Stored items from a collection:
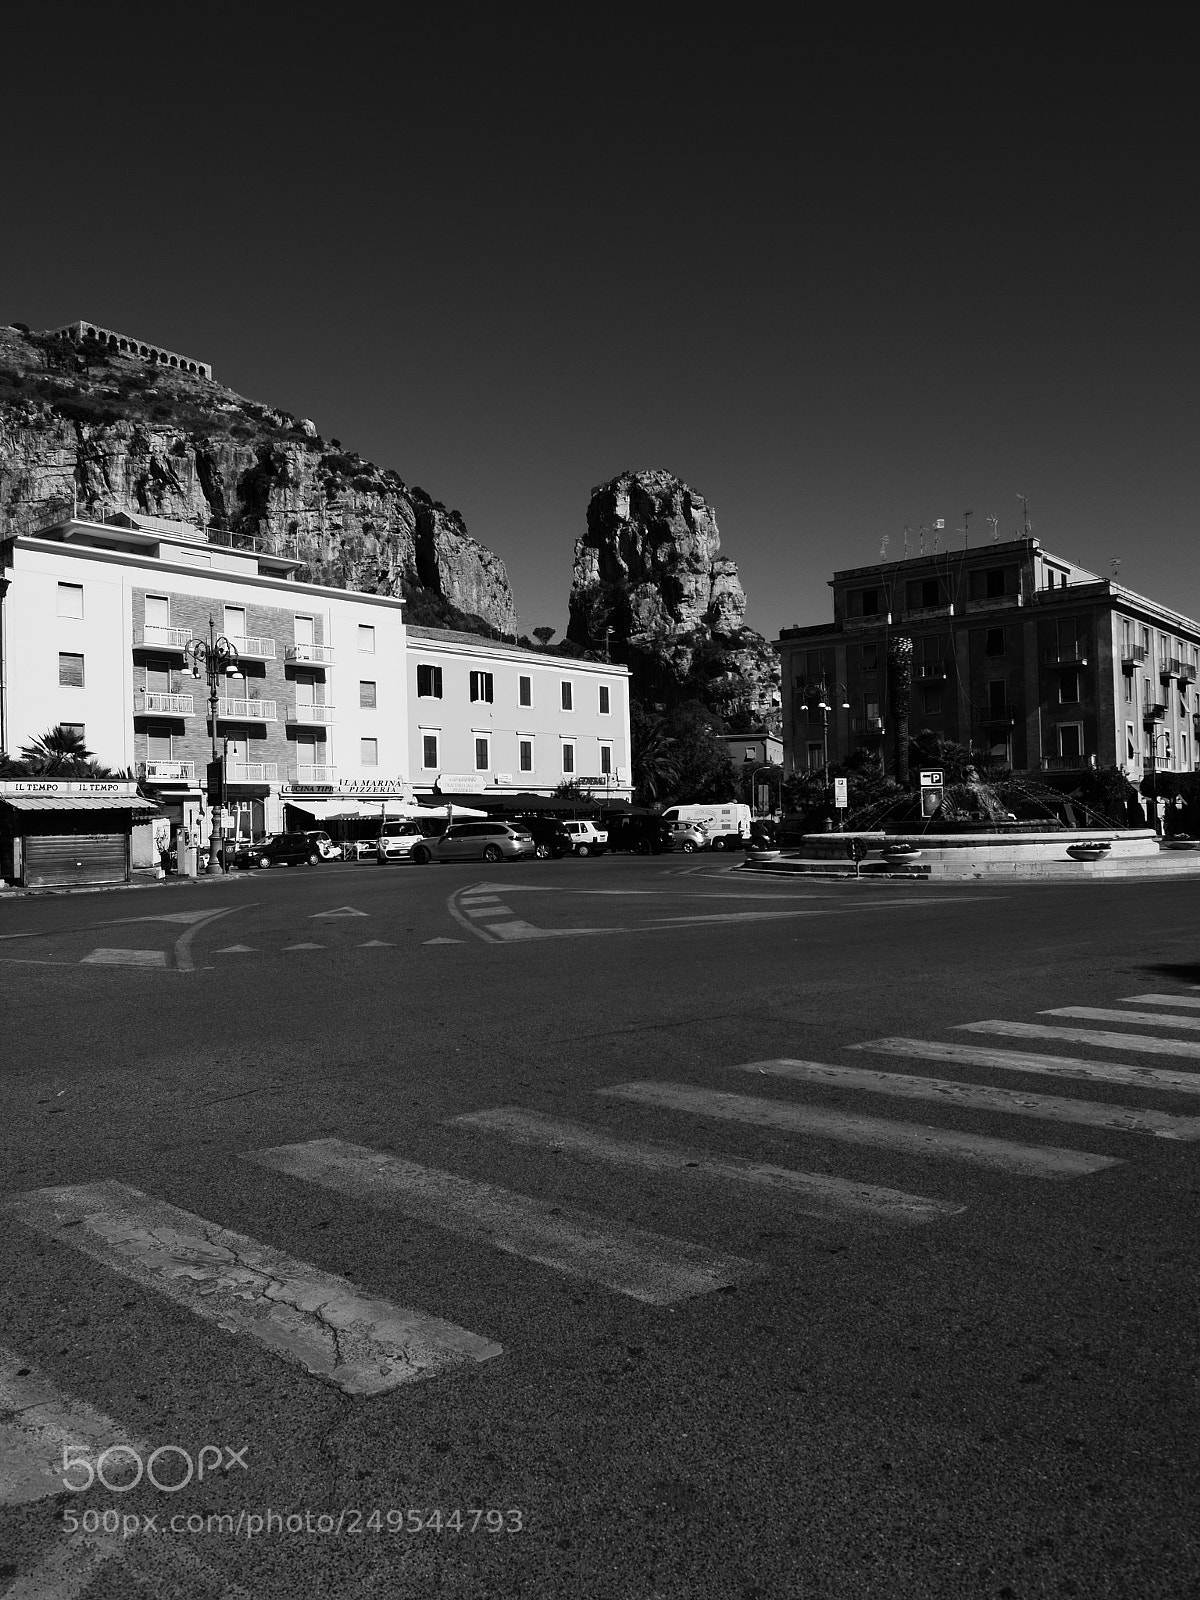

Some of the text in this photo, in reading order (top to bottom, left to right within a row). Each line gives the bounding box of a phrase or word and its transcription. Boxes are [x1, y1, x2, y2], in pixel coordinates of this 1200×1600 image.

[933, 774, 940, 783] P
[15, 783, 59, 791] IL TEMPO
[345, 779, 401, 787] LA MARINA
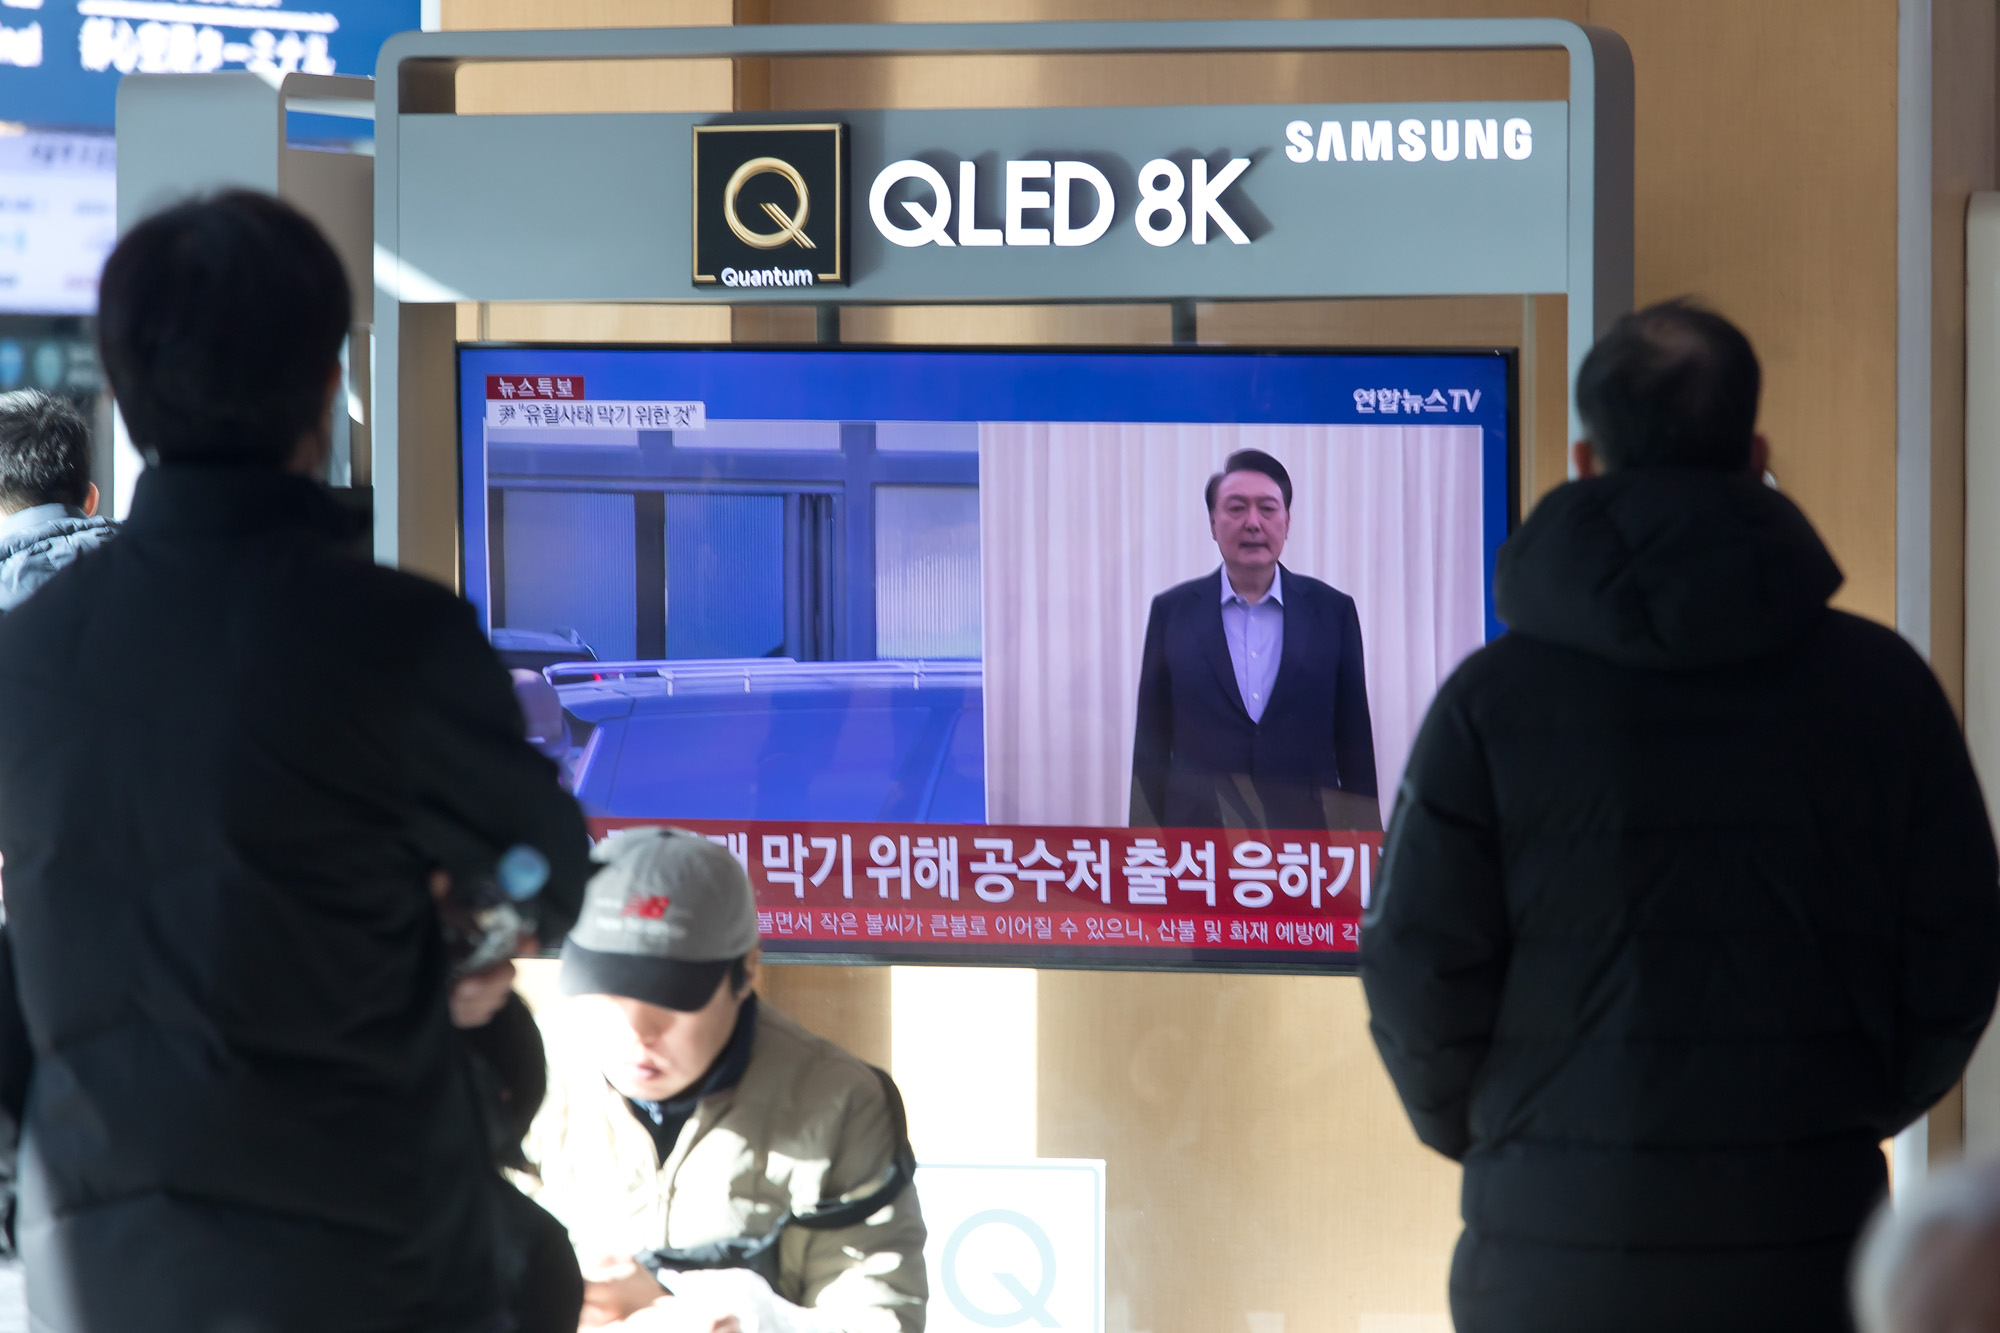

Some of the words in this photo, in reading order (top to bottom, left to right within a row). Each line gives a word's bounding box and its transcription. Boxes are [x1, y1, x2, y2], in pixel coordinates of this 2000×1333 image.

[1285, 117, 1533, 164] SAMSUNG
[723, 156, 818, 250] Q
[868, 158, 1116, 248] QLED
[1134, 157, 1252, 248] 8K
[720, 265, 814, 288] Quantum
[498, 377, 574, 399] 뉴스특보
[1352, 387, 1483, 415] 연합뉴스TV
[597, 404, 632, 428] 막기
[761, 832, 854, 899] 막기
[865, 833, 960, 901] 위해
[969, 836, 1112, 904] 공수처
[1122, 838, 1217, 907] 출석
[1227, 840, 1384, 910] 응하기
[756, 910, 814, 936] 불면서
[819, 911, 858, 936] 작은
[864, 912, 924, 938] 불씨가
[928, 913, 989, 938] 큰불로
[995, 914, 1053, 940] 이어질
[1059, 916, 1079, 941] 수
[1085, 916, 1150, 943] 있으니,
[1157, 918, 1197, 943] 산불
[1203, 919, 1222, 944] 및
[1228, 919, 1269, 945] 화재
[1275, 920, 1334, 946] 예방에

» **What you are asked to do**
In the answer, please give only the lines from the line containing "Some of the words" through the final line of the data, copied exactly.

» **Answer space**
Some of the words in this photo, in reading order (top to bottom, left to right within a row). Each line gives a word's bounding box and its transcription. Boxes are [x1, y1, x2, y2], in pixel coordinates of this 2000×1333 image.

[1285, 117, 1533, 164] SAMSUNG
[723, 156, 818, 250] Q
[868, 158, 1116, 248] QLED
[1134, 157, 1252, 248] 8K
[720, 265, 814, 288] Quantum
[498, 377, 574, 399] 뉴스특보
[1352, 387, 1483, 415] 연합뉴스TV
[597, 404, 632, 428] 막기
[761, 832, 854, 899] 막기
[865, 833, 960, 901] 위해
[969, 836, 1112, 904] 공수처
[1122, 838, 1217, 907] 출석
[1227, 840, 1384, 910] 응하기
[756, 910, 814, 936] 불면서
[819, 911, 858, 936] 작은
[864, 912, 924, 938] 불씨가
[928, 913, 989, 938] 큰불로
[995, 914, 1053, 940] 이어질
[1059, 916, 1079, 941] 수
[1085, 916, 1150, 943] 있으니,
[1157, 918, 1197, 943] 산불
[1203, 919, 1222, 944] 및
[1228, 919, 1269, 945] 화재
[1275, 920, 1334, 946] 예방에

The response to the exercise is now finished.